Le ministre associé des Forêts et des Produits forestiers, Kevin Holland, le ministre des Ressources naturelles, Mike Harris, ainsi que le ministre du Développement économique, de la Création d’emplois et du Commerce, Vic Fedeli, ont réagi dans une déclaration commune aux premières indications du département du Commerce américain.
Celles-ci suggèrent que les droits actuels, établis autour de 35 %, pourraient être revus à la baisse.
Ces ministres ont tenu à rappeler l’importance stratégique du secteur forestier ontarien, reconnu à l’échelle internationale pour la qualité de sa production.

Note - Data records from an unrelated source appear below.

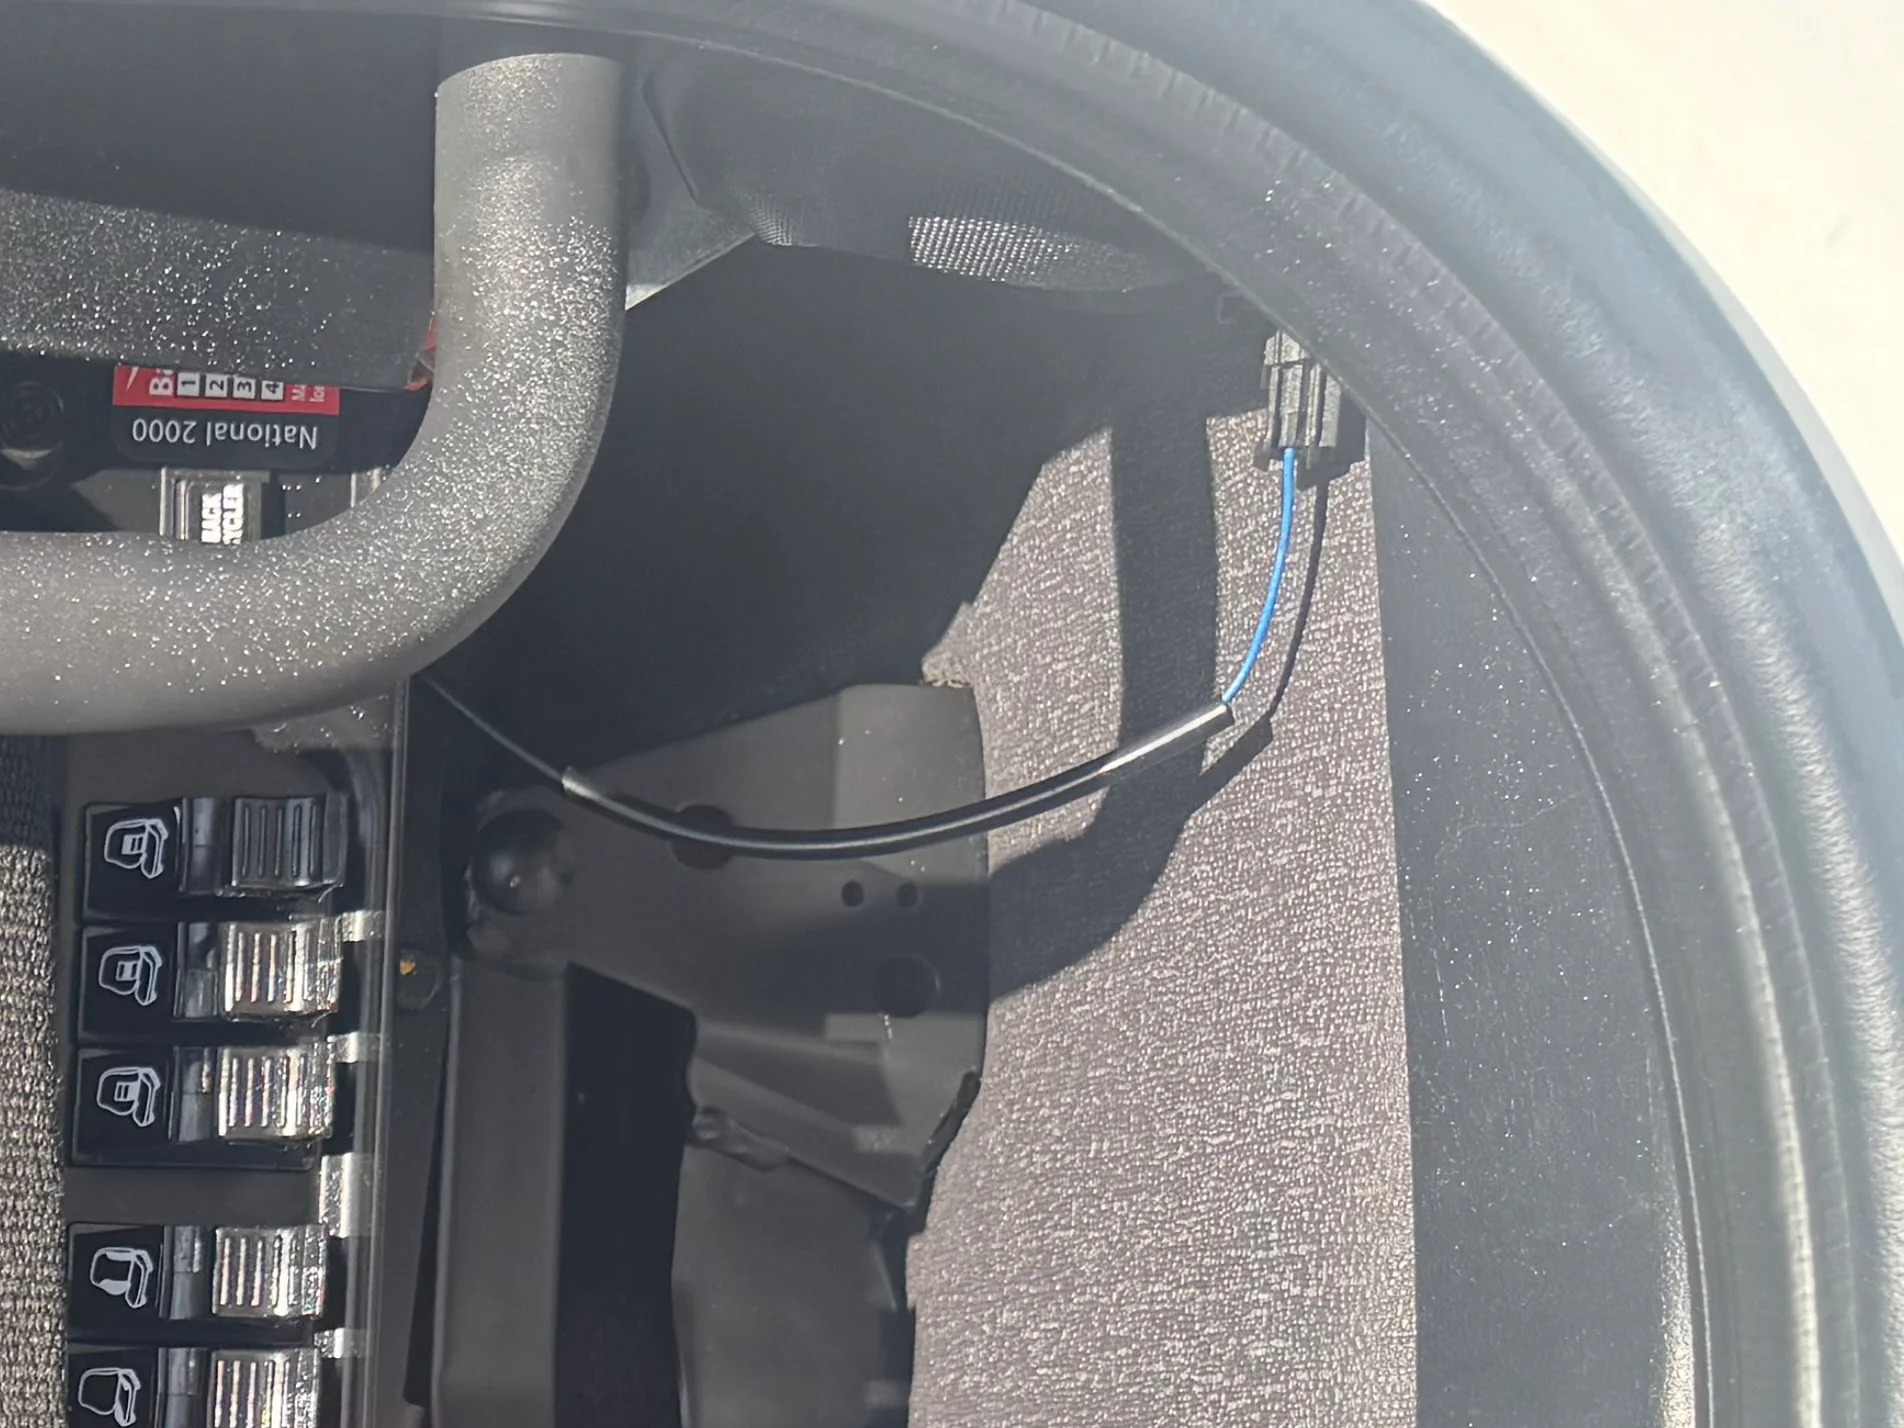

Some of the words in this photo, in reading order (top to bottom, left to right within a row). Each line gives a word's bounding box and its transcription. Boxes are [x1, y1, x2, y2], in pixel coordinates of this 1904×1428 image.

[210, 379, 224, 391] 2
[238, 381, 252, 392] 3
[265, 382, 280, 395] 4
[132, 418, 197, 444] 2000
[206, 420, 318, 450] National
[201, 492, 222, 543] BACK

«Le secteur forestier de l’Ontario jouit d’une réputation mondiale de chef de file parmi les pays du G7 en matière de production de bois et de produits dérivés de haute qualité. Au Canada comme aux États-Unis, les particuliers et les entreprises comptent sur le bois d’œuvre résineux de l’Ontario pour la construction de maisons et d’infrastructures communautaires essentielles», ont-ils déclaré.
Si la perspective d’un allègement tarifaire constitue un signal positif pour l’industrie, le gouvernement provincial estime qu’elle demeure insuffisante.
Selon les ministres, les droits actuels reposent sur des bases injustifiées et ne sont pas soutenus par des données probantes. L’Ontario réclame ainsi leur abolition complète, argüant que ces mesures ont des répercussions directes sur les consommateurs et l’économie.
Enfin, ces représentants ontariens ont lancé un appel à la coopération bilatérale. Ils soutiennent que le commerce entre le Canada et les États-Unis doit reposer sur des bases équitables et mutuellement bénéfiques. «Le commerce et la coopération rendent nos deux pays plus forts, plus sûrs et plus prospères», affirment-ils, exhortant les autorités américaines à travailler avec le Canada à une solution durable.